Yankees need a lineup change — here’s how they should do it

Aaron Boone leans over railing in Yankees hoodie
Aaron Boone leans over railing in Yankees hoodie

It feels like yesterday that the Yankees were the hottest team in baseball. But, after losing seven of their last 10 games, they’ve fallen quickly back down to Earth.

With only 25 games left on the schedule — more importantly, only a half-game lead on the Boston Red Sox for the first Wild Card position in the AL — something has to change. Quickly.

The main source of the Yankees’ losing woes at the moment stems from their inefficiencies on offense. Each game, it seems one of two players are being the most productive, but everyone else’s bat is cold. That’s what plagued the Yanks earlier this season, and they’re hoping not to revert into that trend even further than they already have.

Yankees need a lineup change -- here's how they should do it

While fingers can be pointed at pitching as well (Andrew Heaney‘s continued presence on the roster for instance), the fearsome lineup that torched all teams in their path for that 13-game streak hasn’t shown its face since then.

To get back to that version of the team, manager Aaron Boone and GM Brian Cashman should head into Tuesday’s matchup against a red-hot Toronto Blue Jays squad with a fresh one through nine, something to shake it up and provide new looks for pitchers.
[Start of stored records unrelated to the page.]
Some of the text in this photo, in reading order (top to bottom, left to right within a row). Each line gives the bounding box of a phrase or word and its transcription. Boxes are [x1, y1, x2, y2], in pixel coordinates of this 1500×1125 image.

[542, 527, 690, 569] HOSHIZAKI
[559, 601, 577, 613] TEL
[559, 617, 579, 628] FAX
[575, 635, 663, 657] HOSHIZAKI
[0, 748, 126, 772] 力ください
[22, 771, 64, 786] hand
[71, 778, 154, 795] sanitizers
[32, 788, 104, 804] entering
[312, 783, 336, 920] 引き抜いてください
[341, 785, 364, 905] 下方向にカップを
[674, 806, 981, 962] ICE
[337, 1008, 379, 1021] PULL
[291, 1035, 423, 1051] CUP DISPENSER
Maybe something like this:

1. DJ LeMahieu, 2B
2. Anthony Rizzo, 1B
3. Aaron Judge, CF
4. Giancarlo Stanton, RF
5. Luke Voit, DH
6. Joey Gallo, LF
7. Gio Urshela, 3B
8. Gary Sanchez,
9. Gleyber Torres, SS

The biggest and most obvious change here is dropping Gallo down, but it just has to happen.

Since joining the Yankees, Gallo has been reeling, slashing .130/.291/.325 with 61 strikeouts in 123 at-bats. That math equals just under a 50 percent strikeout rate when he comes to the plate. And hitting from his normal two hole on Monday afternoon, he struck out four times. So moving him down is essential in this case while he figures out how to strike out less.

Rizzo moves up to the two hole, which has been done by Boone, because over his last 10 games he’s been slashing .333/.385/.500 with a homer, three doubles and three RBI. His patient style of hitting is working right now, as he’s swinging at the pitches he wants each at-bat and even his outs are hard hit balls. If Boone wants that right-left-right up at the top of the lineup, Rizzo needs to be there.

I like seeing Stanton and Voit after Judge, but after Gallo in the six hole, Urshela goes there to potentially break up a strikeout fest if it boils down to it. Sanchez has been hitting well of late, but Gallo gets that six hole to break up the righties and Urshela likes to put the ball in play.

As for Torres hitting nine, he could serve as a double leadoff — or at least that’s the hope. His slugging numbers (.347 over 103 games) leaves him here, though, as the Yankees will just look for him to get on base and set things up for the guys at the top. He has three hits in 13 at-bats since returning to the Yanks.

Boone, then, has options with his bench depending on who needs rest. Brett Gardner, for instance, shouldn’t be filling in at the top, but his tough at-bats can live at the bottom of the lineup.

All in all, this is a solid lineup switch that could change some things around for New York. Put the hotter, and more patient, hitters toward the top and let those struggling to see less at-bats. Because it’s that time of year where the Yanks can’t afford to let players fight through their struggles — even if they’re crucial pieces of the pie.

We’ll ultimately see what Boone decides to do on Tuesday and moving forward in the heat of September.